**WORK INSTRUCTION**
Give the records again in full, exactly as they appear.

**DATA EXCERPTS**
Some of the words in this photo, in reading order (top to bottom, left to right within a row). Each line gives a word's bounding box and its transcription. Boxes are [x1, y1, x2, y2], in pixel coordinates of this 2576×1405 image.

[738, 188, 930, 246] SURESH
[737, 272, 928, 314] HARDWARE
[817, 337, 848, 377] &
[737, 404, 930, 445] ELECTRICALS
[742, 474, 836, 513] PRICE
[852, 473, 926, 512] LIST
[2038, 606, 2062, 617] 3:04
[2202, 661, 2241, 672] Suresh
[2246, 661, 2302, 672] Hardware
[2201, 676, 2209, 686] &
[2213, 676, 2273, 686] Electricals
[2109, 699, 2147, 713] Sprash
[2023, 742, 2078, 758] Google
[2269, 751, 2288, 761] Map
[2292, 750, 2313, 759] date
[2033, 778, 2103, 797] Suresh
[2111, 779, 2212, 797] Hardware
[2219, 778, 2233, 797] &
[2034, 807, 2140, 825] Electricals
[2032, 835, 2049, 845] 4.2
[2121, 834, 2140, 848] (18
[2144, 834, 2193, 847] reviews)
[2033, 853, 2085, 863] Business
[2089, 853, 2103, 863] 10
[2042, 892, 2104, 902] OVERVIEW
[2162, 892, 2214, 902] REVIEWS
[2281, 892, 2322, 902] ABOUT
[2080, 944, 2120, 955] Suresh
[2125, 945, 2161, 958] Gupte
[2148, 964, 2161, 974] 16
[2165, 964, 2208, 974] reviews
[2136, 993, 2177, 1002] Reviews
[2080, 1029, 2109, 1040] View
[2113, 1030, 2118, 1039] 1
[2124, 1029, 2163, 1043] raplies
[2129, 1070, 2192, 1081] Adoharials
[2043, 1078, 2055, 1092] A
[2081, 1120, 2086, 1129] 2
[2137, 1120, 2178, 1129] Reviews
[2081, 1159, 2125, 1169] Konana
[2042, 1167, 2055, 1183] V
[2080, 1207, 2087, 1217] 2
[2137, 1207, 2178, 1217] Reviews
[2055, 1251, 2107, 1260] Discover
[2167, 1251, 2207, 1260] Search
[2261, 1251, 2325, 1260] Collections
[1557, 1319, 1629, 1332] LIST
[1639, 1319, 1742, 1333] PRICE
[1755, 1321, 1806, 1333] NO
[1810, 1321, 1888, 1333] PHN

**YOUR RESPONSE**
Some of the words in this photo, in reading order (top to bottom, left to right within a row). Each line gives a word's bounding box and its transcription. Boxes are [x1, y1, x2, y2], in pixel coordinates of this 2576×1405 image.

[738, 188, 930, 246] SURESH
[737, 272, 928, 314] HARDWARE
[817, 337, 848, 377] &
[737, 404, 930, 445] ELECTRICALS
[742, 474, 836, 513] PRICE
[852, 473, 926, 512] LIST
[2038, 606, 2062, 617] 3:04
[2202, 661, 2241, 672] Suresh
[2246, 661, 2302, 672] Hardware
[2201, 676, 2209, 686] &
[2213, 676, 2273, 686] Electricals
[2109, 699, 2147, 713] Sprash
[2023, 742, 2078, 758] Google
[2269, 751, 2288, 761] Map
[2292, 750, 2313, 759] date
[2033, 778, 2103, 797] Suresh
[2111, 779, 2212, 797] Hardware
[2219, 778, 2233, 797] &
[2034, 807, 2140, 825] Electricals
[2032, 835, 2049, 845] 4.2
[2121, 834, 2140, 848] (18
[2144, 834, 2193, 847] reviews)
[2033, 853, 2085, 863] Business
[2089, 853, 2103, 863] 10
[2042, 892, 2104, 902] OVERVIEW
[2162, 892, 2214, 902] REVIEWS
[2281, 892, 2322, 902] ABOUT
[2080, 944, 2120, 955] Suresh
[2125, 945, 2161, 958] Gupte
[2148, 964, 2161, 974] 16
[2165, 964, 2208, 974] reviews
[2136, 993, 2177, 1002] Reviews
[2080, 1029, 2109, 1040] View
[2113, 1030, 2118, 1039] 1
[2124, 1029, 2163, 1043] raplies
[2129, 1070, 2192, 1081] Adoharials
[2043, 1078, 2055, 1092] A
[2081, 1120, 2086, 1129] 2
[2137, 1120, 2178, 1129] Reviews
[2081, 1159, 2125, 1169] Konana
[2042, 1167, 2055, 1183] V
[2080, 1207, 2087, 1217] 2
[2137, 1207, 2178, 1217] Reviews
[2055, 1251, 2107, 1260] Discover
[2167, 1251, 2207, 1260] Search
[2261, 1251, 2325, 1260] Collections
[1557, 1319, 1629, 1332] LIST
[1639, 1319, 1742, 1333] PRICE
[1755, 1321, 1806, 1333] NO
[1810, 1321, 1888, 1333] PHN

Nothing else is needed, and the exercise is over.